Assignment: Without the pictures, copy all the entries below exactly.

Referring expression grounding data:
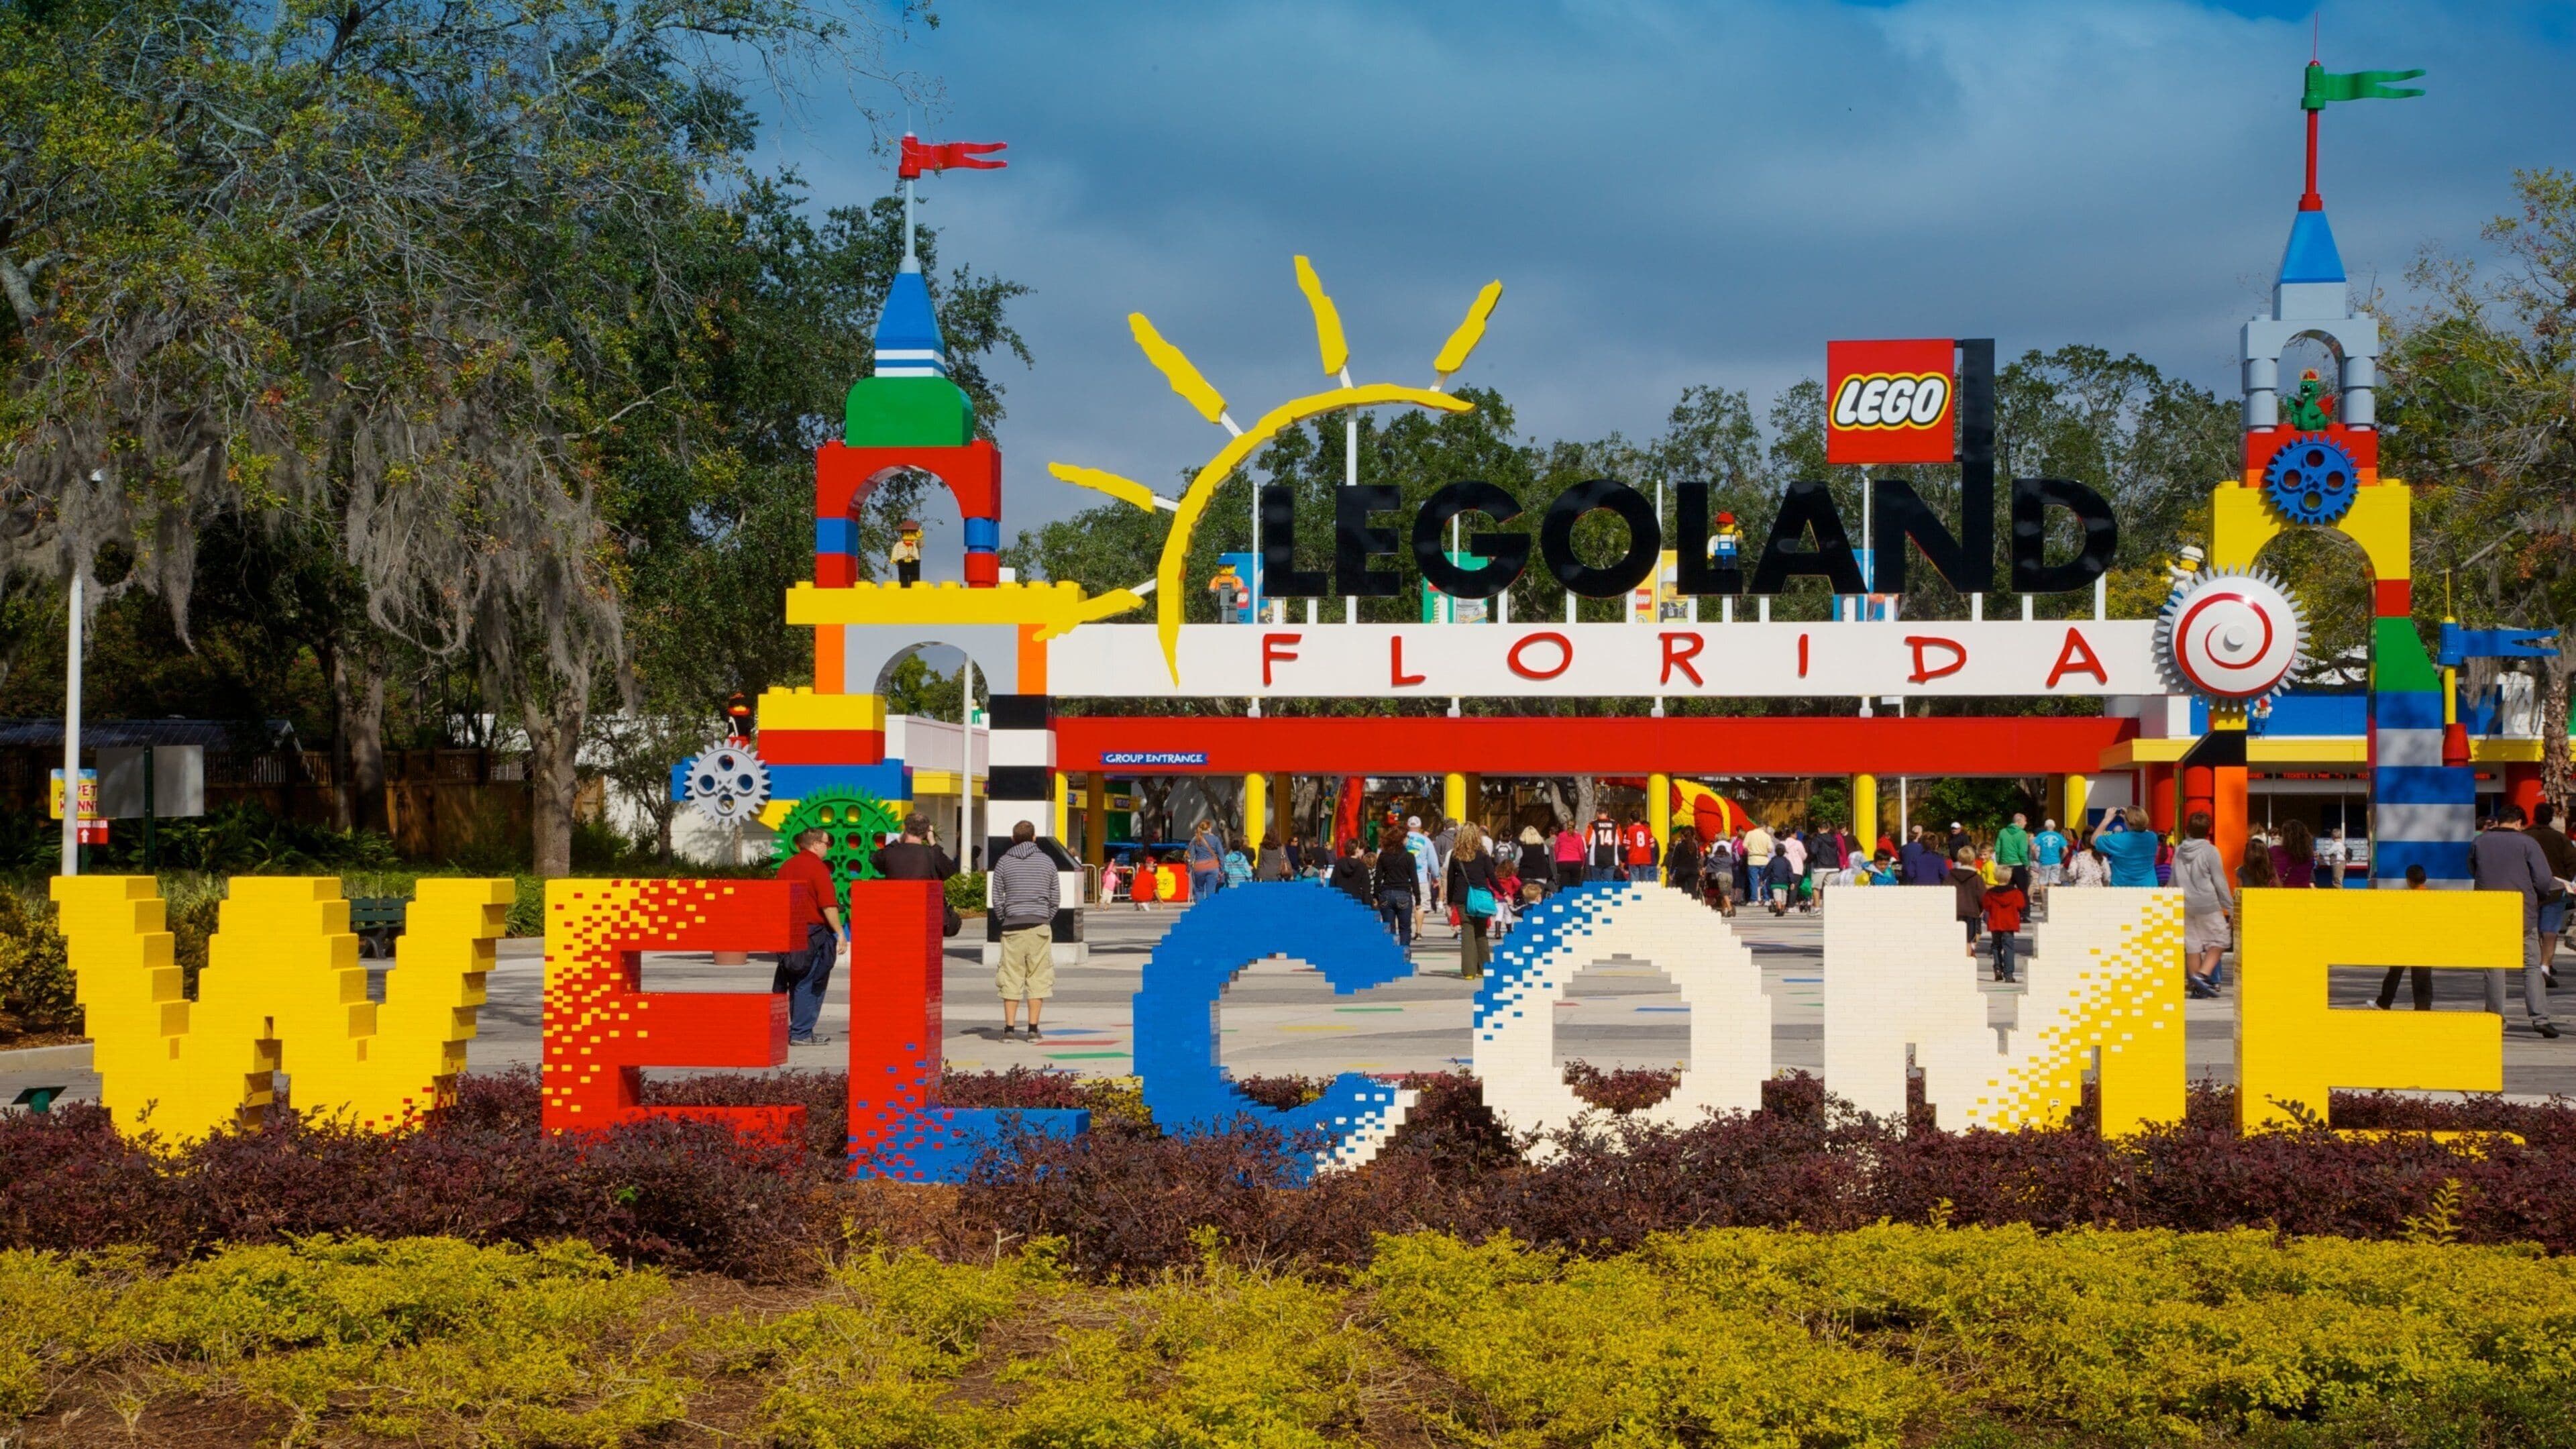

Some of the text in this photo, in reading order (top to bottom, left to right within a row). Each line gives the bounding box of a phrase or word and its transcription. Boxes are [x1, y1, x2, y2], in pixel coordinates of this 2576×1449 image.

[1835, 378, 1945, 425] LEGO
[1263, 627, 2107, 688] FLORIDA
[1106, 753, 1203, 764] GROUP ENTRANCE
[1598, 830, 1613, 845] 14
[1637, 831, 1645, 847] 8
[50, 875, 2525, 1186] WELCOME

Exercise response:
Some of the text in this photo, in reading order (top to bottom, left to right within a row). Each line gives the bounding box of a phrase or word and its transcription. Boxes are [x1, y1, x2, y2], in pixel coordinates of this 2576×1449 image.

[1835, 378, 1945, 425] LEGO
[1263, 627, 2107, 688] FLORIDA
[1106, 753, 1203, 764] GROUP ENTRANCE
[1598, 830, 1613, 845] 14
[1637, 831, 1645, 847] 8
[50, 875, 2525, 1186] WELCOME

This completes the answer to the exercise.